A five-year-old boy living with a severe genetic condition has sustained a broken arm at his family home in Yalding, Kent, which his parents describe as unsuitable for his needs. Sid, who has spinal muscular atrophy type 1 (SMA1), fell while attempting to reach a toilet, an incident his parents believe highlights the urgent need for home adaptations that have been delayed for over a year.
Sid was diagnosed with SMA1, a condition affecting movement and muscle strength, at four months old. The condition has resulted in a curved spine and significant mobility challenges, necessitating constant support for everyday activities. His father, Aden, explained that Sid requires assistance for basic tasks such as sitting up to drink, going to the toilet, and navigating stairs.
His parents, Sophie and Aden, have been campaigning for more than a year to secure a Disabled Facilities Grant (DFG) to fund crucial adaptations to their home. The proposed modifications, estimated to cost £138,000, are designed to enhance Sid's independence and safety by facilitating easier access to his bathroom and bedroom within the property.

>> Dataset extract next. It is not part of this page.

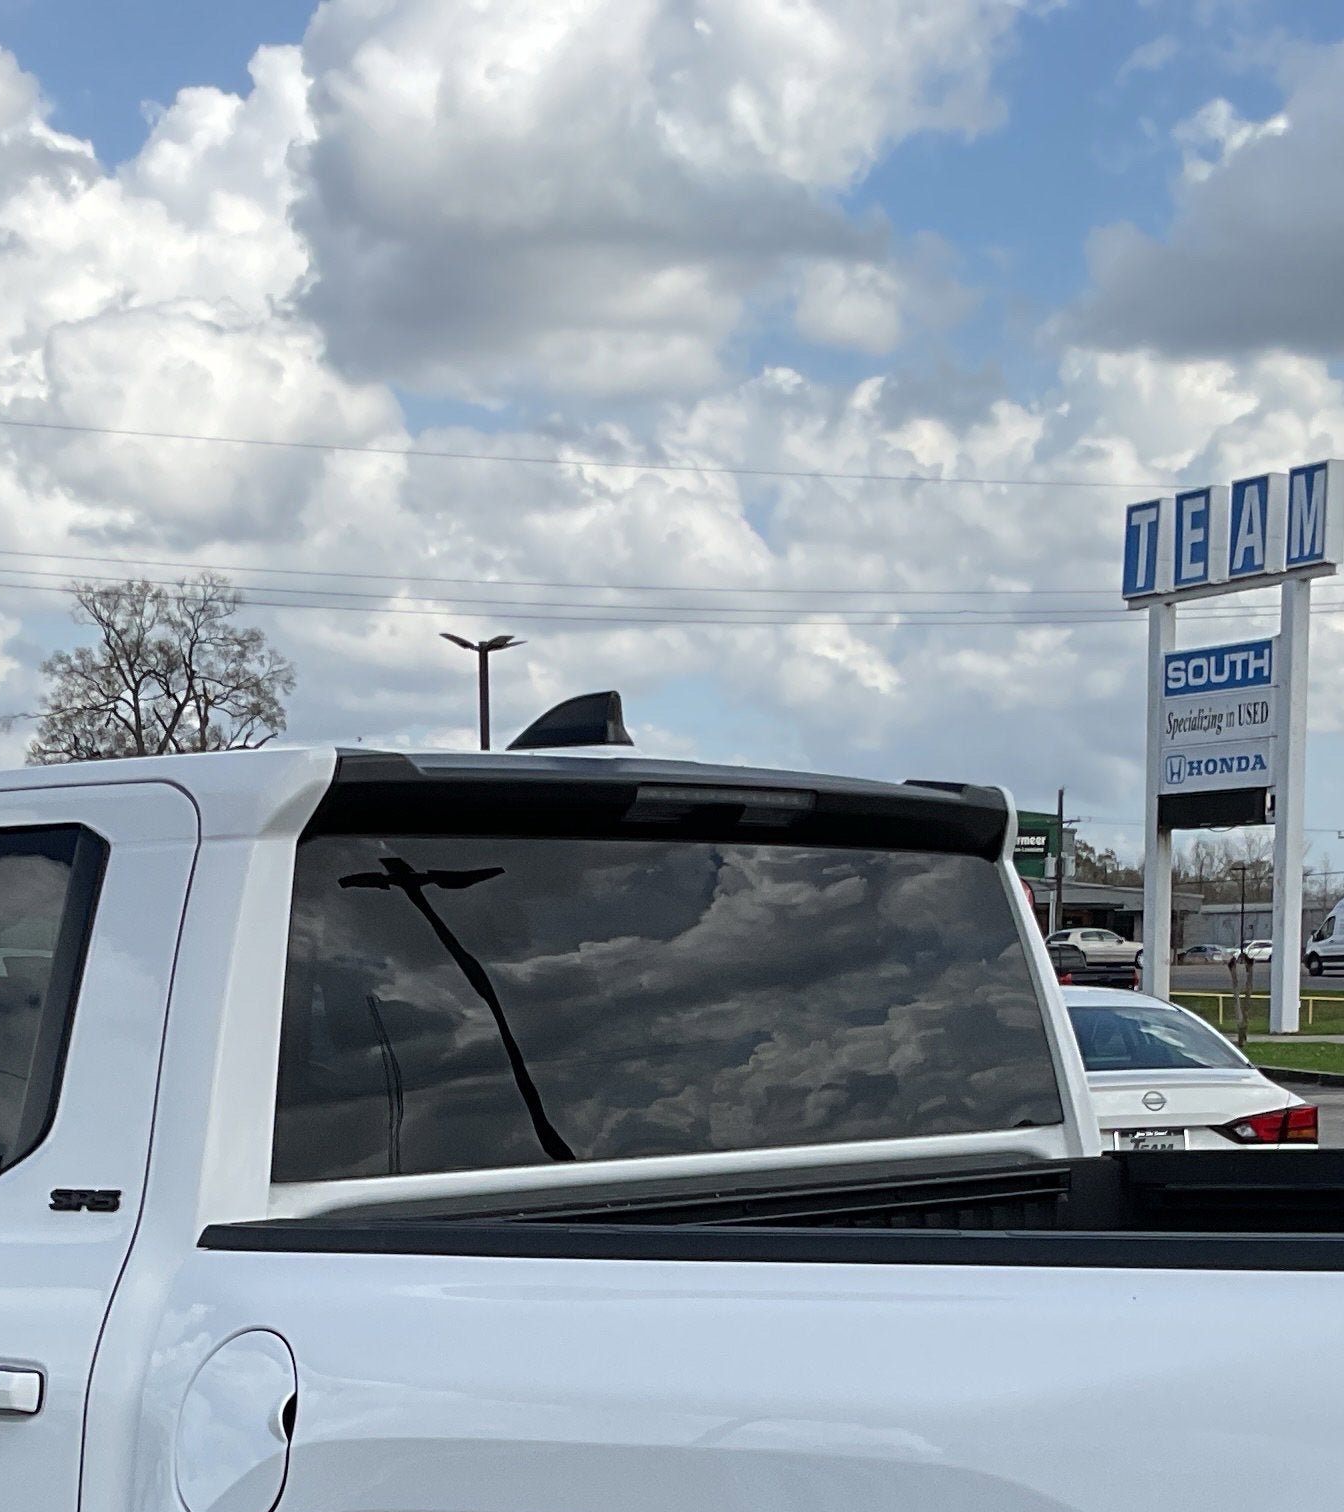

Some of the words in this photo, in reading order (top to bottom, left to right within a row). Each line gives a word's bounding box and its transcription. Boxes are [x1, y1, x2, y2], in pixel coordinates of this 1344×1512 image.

Sophie shared the ongoing difficulties the family has faced since Sid's diagnosis. Doctors had initially warned them that Sid might not live beyond the age of two, making every day a testament to his resilience. She described the process of securing support for her son as a continuous battle, encompassing everything from essential equipment and care to access to treatments and therapies. While treatments for SMA are available, there is currently no cure.
In response to the family's situation, Maidstone Borough Council acknowledged the importance of the required adaptations. A spokesperson for the council confirmed that they are actively working with the family to process the Disabled Facilities Grant applications and assist them in accessing all available funding options.